[Exercise description]: Write the records out again, exactly as they stand below.

====== Exercise data ======

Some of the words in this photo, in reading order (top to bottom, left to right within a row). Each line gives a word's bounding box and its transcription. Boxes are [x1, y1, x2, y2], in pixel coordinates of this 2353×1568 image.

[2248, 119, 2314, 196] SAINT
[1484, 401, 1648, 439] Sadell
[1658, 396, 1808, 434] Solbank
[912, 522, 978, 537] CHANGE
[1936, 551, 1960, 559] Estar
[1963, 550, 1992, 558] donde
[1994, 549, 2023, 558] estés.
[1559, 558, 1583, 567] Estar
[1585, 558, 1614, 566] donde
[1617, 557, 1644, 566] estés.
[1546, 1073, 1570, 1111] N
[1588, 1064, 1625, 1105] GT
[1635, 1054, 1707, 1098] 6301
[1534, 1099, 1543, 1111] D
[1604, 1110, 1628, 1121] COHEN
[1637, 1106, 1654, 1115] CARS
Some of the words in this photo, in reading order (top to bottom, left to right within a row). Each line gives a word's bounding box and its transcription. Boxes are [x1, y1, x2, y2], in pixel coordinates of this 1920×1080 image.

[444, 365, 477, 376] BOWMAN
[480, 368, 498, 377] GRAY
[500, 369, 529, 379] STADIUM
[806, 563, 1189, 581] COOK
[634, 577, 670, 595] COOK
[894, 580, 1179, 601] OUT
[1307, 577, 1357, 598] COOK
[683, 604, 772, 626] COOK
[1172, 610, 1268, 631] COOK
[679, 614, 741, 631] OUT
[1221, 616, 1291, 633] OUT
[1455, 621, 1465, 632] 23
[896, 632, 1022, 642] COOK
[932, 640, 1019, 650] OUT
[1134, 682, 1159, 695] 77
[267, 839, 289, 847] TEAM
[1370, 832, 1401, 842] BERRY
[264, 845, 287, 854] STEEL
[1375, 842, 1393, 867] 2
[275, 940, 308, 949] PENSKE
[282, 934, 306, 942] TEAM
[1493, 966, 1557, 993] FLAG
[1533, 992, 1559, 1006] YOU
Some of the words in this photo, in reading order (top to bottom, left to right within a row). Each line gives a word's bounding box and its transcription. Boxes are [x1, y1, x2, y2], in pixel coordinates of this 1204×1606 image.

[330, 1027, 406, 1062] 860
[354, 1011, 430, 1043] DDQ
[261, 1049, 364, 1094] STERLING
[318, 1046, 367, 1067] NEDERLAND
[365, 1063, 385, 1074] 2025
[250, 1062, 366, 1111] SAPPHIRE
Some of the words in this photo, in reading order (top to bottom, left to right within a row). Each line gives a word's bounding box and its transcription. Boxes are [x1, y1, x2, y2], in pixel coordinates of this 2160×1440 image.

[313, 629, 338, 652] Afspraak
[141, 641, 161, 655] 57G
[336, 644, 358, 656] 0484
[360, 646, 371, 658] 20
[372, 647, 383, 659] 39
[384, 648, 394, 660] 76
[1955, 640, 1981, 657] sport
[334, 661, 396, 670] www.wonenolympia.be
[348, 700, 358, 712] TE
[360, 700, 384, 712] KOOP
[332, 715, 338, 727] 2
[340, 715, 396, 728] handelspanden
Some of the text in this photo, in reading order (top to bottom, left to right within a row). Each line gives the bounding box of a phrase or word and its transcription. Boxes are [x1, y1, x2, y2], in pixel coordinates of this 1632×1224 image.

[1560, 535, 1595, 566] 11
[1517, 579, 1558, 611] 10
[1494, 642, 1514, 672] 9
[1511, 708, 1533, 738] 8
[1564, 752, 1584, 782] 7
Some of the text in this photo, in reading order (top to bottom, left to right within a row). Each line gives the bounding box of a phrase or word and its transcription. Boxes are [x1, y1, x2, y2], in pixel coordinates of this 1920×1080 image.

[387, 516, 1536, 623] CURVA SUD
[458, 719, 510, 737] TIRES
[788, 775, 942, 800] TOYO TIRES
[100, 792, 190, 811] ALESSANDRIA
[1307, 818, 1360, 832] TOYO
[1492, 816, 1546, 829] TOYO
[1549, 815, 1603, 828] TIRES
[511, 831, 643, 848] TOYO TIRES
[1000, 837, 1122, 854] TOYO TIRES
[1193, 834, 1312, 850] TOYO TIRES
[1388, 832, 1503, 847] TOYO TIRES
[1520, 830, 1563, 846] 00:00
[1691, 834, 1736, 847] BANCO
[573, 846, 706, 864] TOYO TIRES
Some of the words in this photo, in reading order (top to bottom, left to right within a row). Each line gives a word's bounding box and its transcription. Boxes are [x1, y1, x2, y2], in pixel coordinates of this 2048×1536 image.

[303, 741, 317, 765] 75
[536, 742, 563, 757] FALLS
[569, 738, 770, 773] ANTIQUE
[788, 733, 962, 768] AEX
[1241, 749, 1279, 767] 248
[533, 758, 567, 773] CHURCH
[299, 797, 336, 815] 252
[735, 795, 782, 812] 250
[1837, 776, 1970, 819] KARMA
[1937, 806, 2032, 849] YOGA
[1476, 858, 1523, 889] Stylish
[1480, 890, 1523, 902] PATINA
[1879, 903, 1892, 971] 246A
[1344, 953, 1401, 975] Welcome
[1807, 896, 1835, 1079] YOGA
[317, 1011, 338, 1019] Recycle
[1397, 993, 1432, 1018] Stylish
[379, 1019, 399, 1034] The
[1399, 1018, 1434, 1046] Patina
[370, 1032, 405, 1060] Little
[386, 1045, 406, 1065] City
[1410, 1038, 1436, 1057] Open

======

[Response to this task]:
Some of the words in this photo, in reading order (top to bottom, left to right within a row). Each line gives a word's bounding box and its transcription. Boxes are [x1, y1, x2, y2], in pixel coordinates of this 2353×1568 image.

[2248, 119, 2314, 196] SAINT
[1484, 401, 1648, 439] Sadell
[1658, 396, 1808, 434] Solbank
[912, 522, 978, 537] CHANGE
[1936, 551, 1960, 559] Estar
[1963, 550, 1992, 558] donde
[1994, 549, 2023, 558] estés.
[1559, 558, 1583, 567] Estar
[1585, 558, 1614, 566] donde
[1617, 557, 1644, 566] estés.
[1546, 1073, 1570, 1111] N
[1588, 1064, 1625, 1105] GT
[1635, 1054, 1707, 1098] 6301
[1534, 1099, 1543, 1111] D
[1604, 1110, 1628, 1121] COHEN
[1637, 1106, 1654, 1115] CARS
Some of the words in this photo, in reading order (top to bottom, left to right within a row). Each line gives a word's bounding box and its transcription. Boxes are [x1, y1, x2, y2], in pixel coordinates of this 1920×1080 image.

[444, 365, 477, 376] BOWMAN
[480, 368, 498, 377] GRAY
[500, 369, 529, 379] STADIUM
[806, 563, 1189, 581] COOK
[634, 577, 670, 595] COOK
[894, 580, 1179, 601] OUT
[1307, 577, 1357, 598] COOK
[683, 604, 772, 626] COOK
[1172, 610, 1268, 631] COOK
[679, 614, 741, 631] OUT
[1221, 616, 1291, 633] OUT
[1455, 621, 1465, 632] 23
[896, 632, 1022, 642] COOK
[932, 640, 1019, 650] OUT
[1134, 682, 1159, 695] 77
[267, 839, 289, 847] TEAM
[1370, 832, 1401, 842] BERRY
[264, 845, 287, 854] STEEL
[1375, 842, 1393, 867] 2
[275, 940, 308, 949] PENSKE
[282, 934, 306, 942] TEAM
[1493, 966, 1557, 993] FLAG
[1533, 992, 1559, 1006] YOU
Some of the words in this photo, in reading order (top to bottom, left to right within a row). Each line gives a word's bounding box and its transcription. Boxes are [x1, y1, x2, y2], in pixel coordinates of this 1204×1606 image.

[330, 1027, 406, 1062] 860
[354, 1011, 430, 1043] DDQ
[261, 1049, 364, 1094] STERLING
[318, 1046, 367, 1067] NEDERLAND
[365, 1063, 385, 1074] 2025
[250, 1062, 366, 1111] SAPPHIRE
Some of the words in this photo, in reading order (top to bottom, left to right within a row). Each line gives a word's bounding box and its transcription. Boxes are [x1, y1, x2, y2], in pixel coordinates of this 2160×1440 image.

[313, 629, 338, 652] Afspraak
[141, 641, 161, 655] 57G
[336, 644, 358, 656] 0484
[360, 646, 371, 658] 20
[372, 647, 383, 659] 39
[384, 648, 394, 660] 76
[1955, 640, 1981, 657] sport
[334, 661, 396, 670] www.wonenolympia.be
[348, 700, 358, 712] TE
[360, 700, 384, 712] KOOP
[332, 715, 338, 727] 2
[340, 715, 396, 728] handelspanden
Some of the text in this photo, in reading order (top to bottom, left to right within a row). Each line gives the bounding box of a phrase or word and its transcription. Boxes are [x1, y1, x2, y2], in pixel coordinates of this 1632×1224 image.

[1560, 535, 1595, 566] 11
[1517, 579, 1558, 611] 10
[1494, 642, 1514, 672] 9
[1511, 708, 1533, 738] 8
[1564, 752, 1584, 782] 7
Some of the text in this photo, in reading order (top to bottom, left to right within a row). Each line gives the bounding box of a phrase or word and its transcription. Boxes are [x1, y1, x2, y2], in pixel coordinates of this 1920×1080 image.

[387, 516, 1536, 623] CURVA SUD
[458, 719, 510, 737] TIRES
[788, 775, 942, 800] TOYO TIRES
[100, 792, 190, 811] ALESSANDRIA
[1307, 818, 1360, 832] TOYO
[1492, 816, 1546, 829] TOYO
[1549, 815, 1603, 828] TIRES
[511, 831, 643, 848] TOYO TIRES
[1000, 837, 1122, 854] TOYO TIRES
[1193, 834, 1312, 850] TOYO TIRES
[1388, 832, 1503, 847] TOYO TIRES
[1520, 830, 1563, 846] 00:00
[1691, 834, 1736, 847] BANCO
[573, 846, 706, 864] TOYO TIRES
Some of the words in this photo, in reading order (top to bottom, left to right within a row). Each line gives a word's bounding box and its transcription. Boxes are [x1, y1, x2, y2], in pixel coordinates of this 2048×1536 image.

[303, 741, 317, 765] 75
[536, 742, 563, 757] FALLS
[569, 738, 770, 773] ANTIQUE
[788, 733, 962, 768] AEX
[1241, 749, 1279, 767] 248
[533, 758, 567, 773] CHURCH
[299, 797, 336, 815] 252
[735, 795, 782, 812] 250
[1837, 776, 1970, 819] KARMA
[1937, 806, 2032, 849] YOGA
[1476, 858, 1523, 889] Stylish
[1480, 890, 1523, 902] PATINA
[1879, 903, 1892, 971] 246A
[1344, 953, 1401, 975] Welcome
[1807, 896, 1835, 1079] YOGA
[317, 1011, 338, 1019] Recycle
[1397, 993, 1432, 1018] Stylish
[379, 1019, 399, 1034] The
[1399, 1018, 1434, 1046] Patina
[370, 1032, 405, 1060] Little
[386, 1045, 406, 1065] City
[1410, 1038, 1436, 1057] Open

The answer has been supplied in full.